Stephen Sykes, a lay member attending the panel, said: “The professional members of the panel greatly benefited from meeting the person who would otherwise have remained entirely anonymous. It was evident that she provided useful additional clarification of her condition and history, despite the extensive notes already provided. Such a meeting provides comfort to the patient that he or she is not just a statistic in a large bureaucratic machine but is treated sympathetically and individually.”
The application was not supported as the treatment was not likely to be appropriate, but the panel was concerned that the patient seek further advice.
Rachel Cutler, a second lay member, said the process was “more inclusive and more widely informed”, which can only improve the decision making process.
- Consider what your individual funding request process does and what it should do - is it being misused as a “sticking plaster” for areas where no policy exists?
- Work with partner primary care trusts and strategic health authorities. A consistent approach minimises accusations of postcode lotteries and maximises chances to share best practice.
- Engage your critics; they will have invaluable insights.
- Consider the spirit of openness when developing policies - patient advocacy, plain communication, support from customer services and appointing lay panel members all reduce potential areas of conflict.
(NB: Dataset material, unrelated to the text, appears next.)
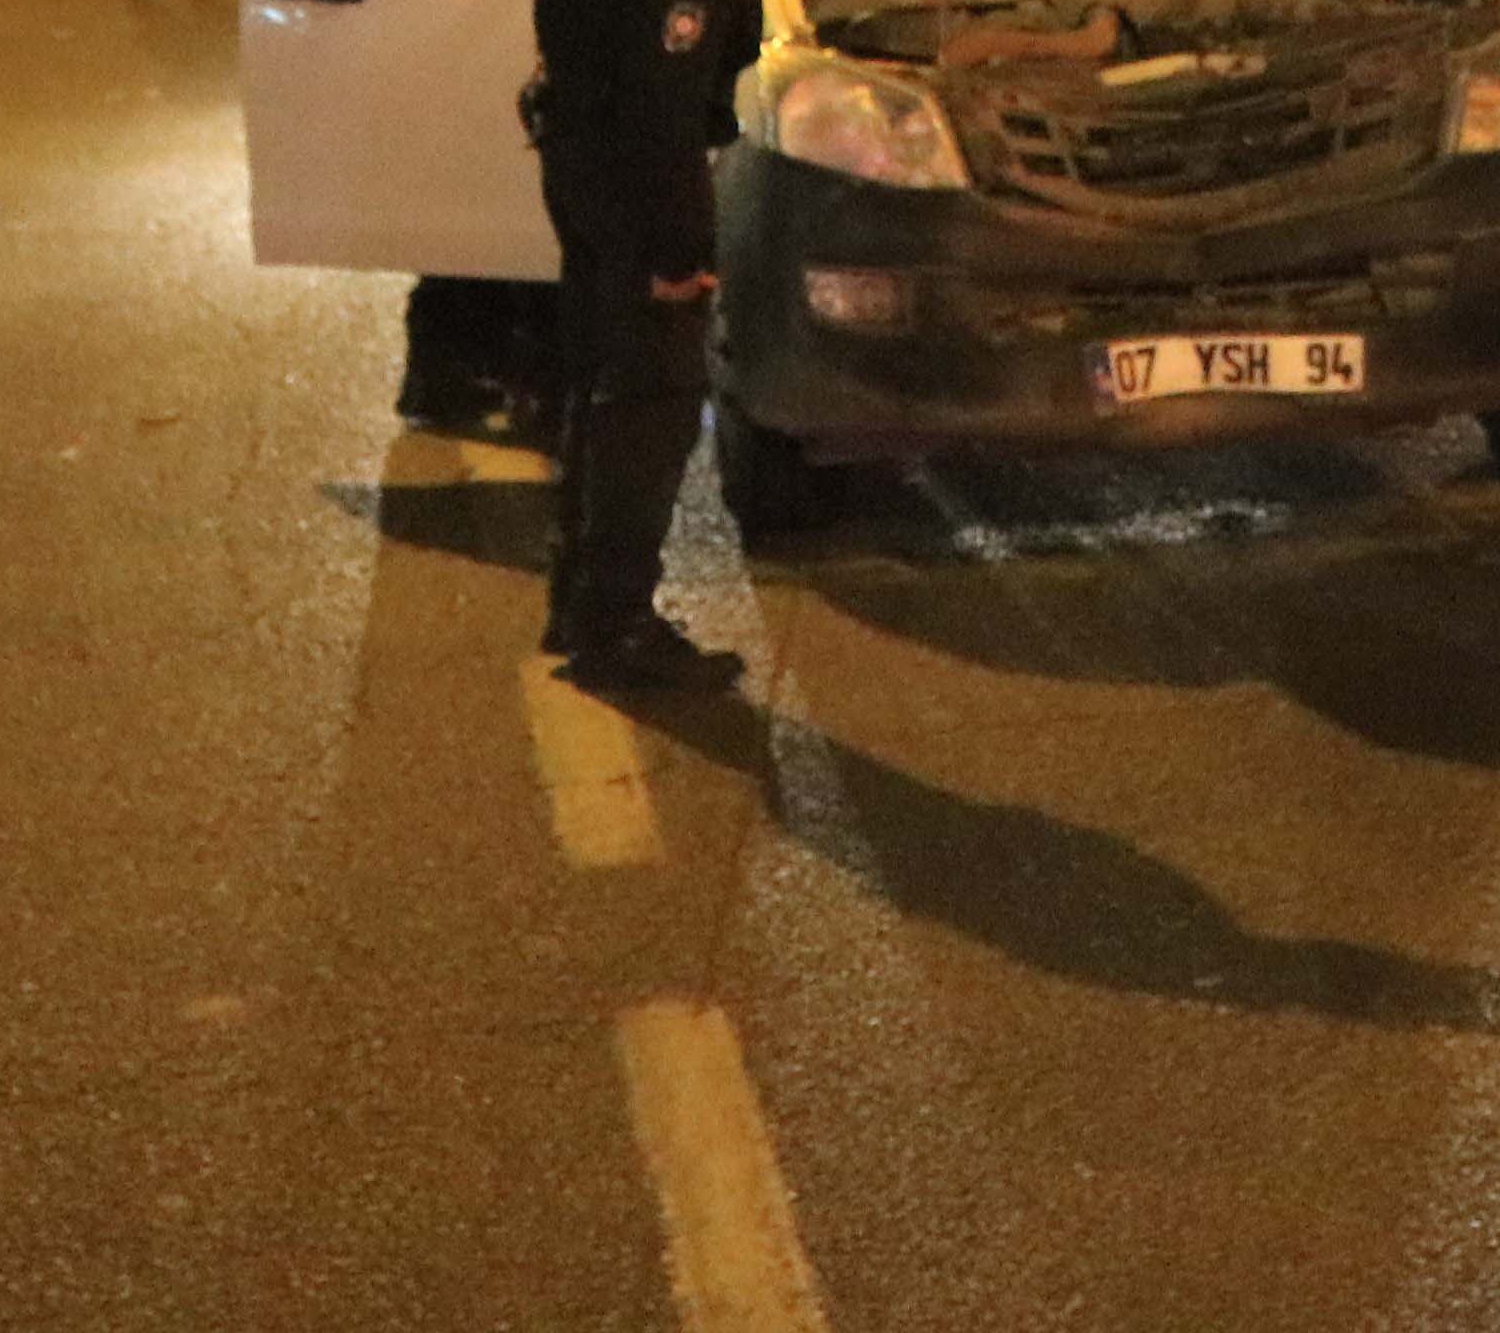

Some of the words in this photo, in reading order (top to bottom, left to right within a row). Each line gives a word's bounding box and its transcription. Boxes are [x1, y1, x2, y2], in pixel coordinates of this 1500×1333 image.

[1114, 345, 1157, 395] 07
[1194, 342, 1270, 385] YSH
[1304, 342, 1353, 385] 94
- Increasing transparency helps patients, clinicians and the public understand and accept the decisions that are made.
- Ensure training is available for panel members - facing the patient and discussing sometimes life and death decisions can be daunting at first, but overcome by good training.
- In trying to introduce patient participation and advocacy, you may meet with resistance from a variety of sources; try asking the question: “Why would you not want to involve patients in their healthcare decisions?”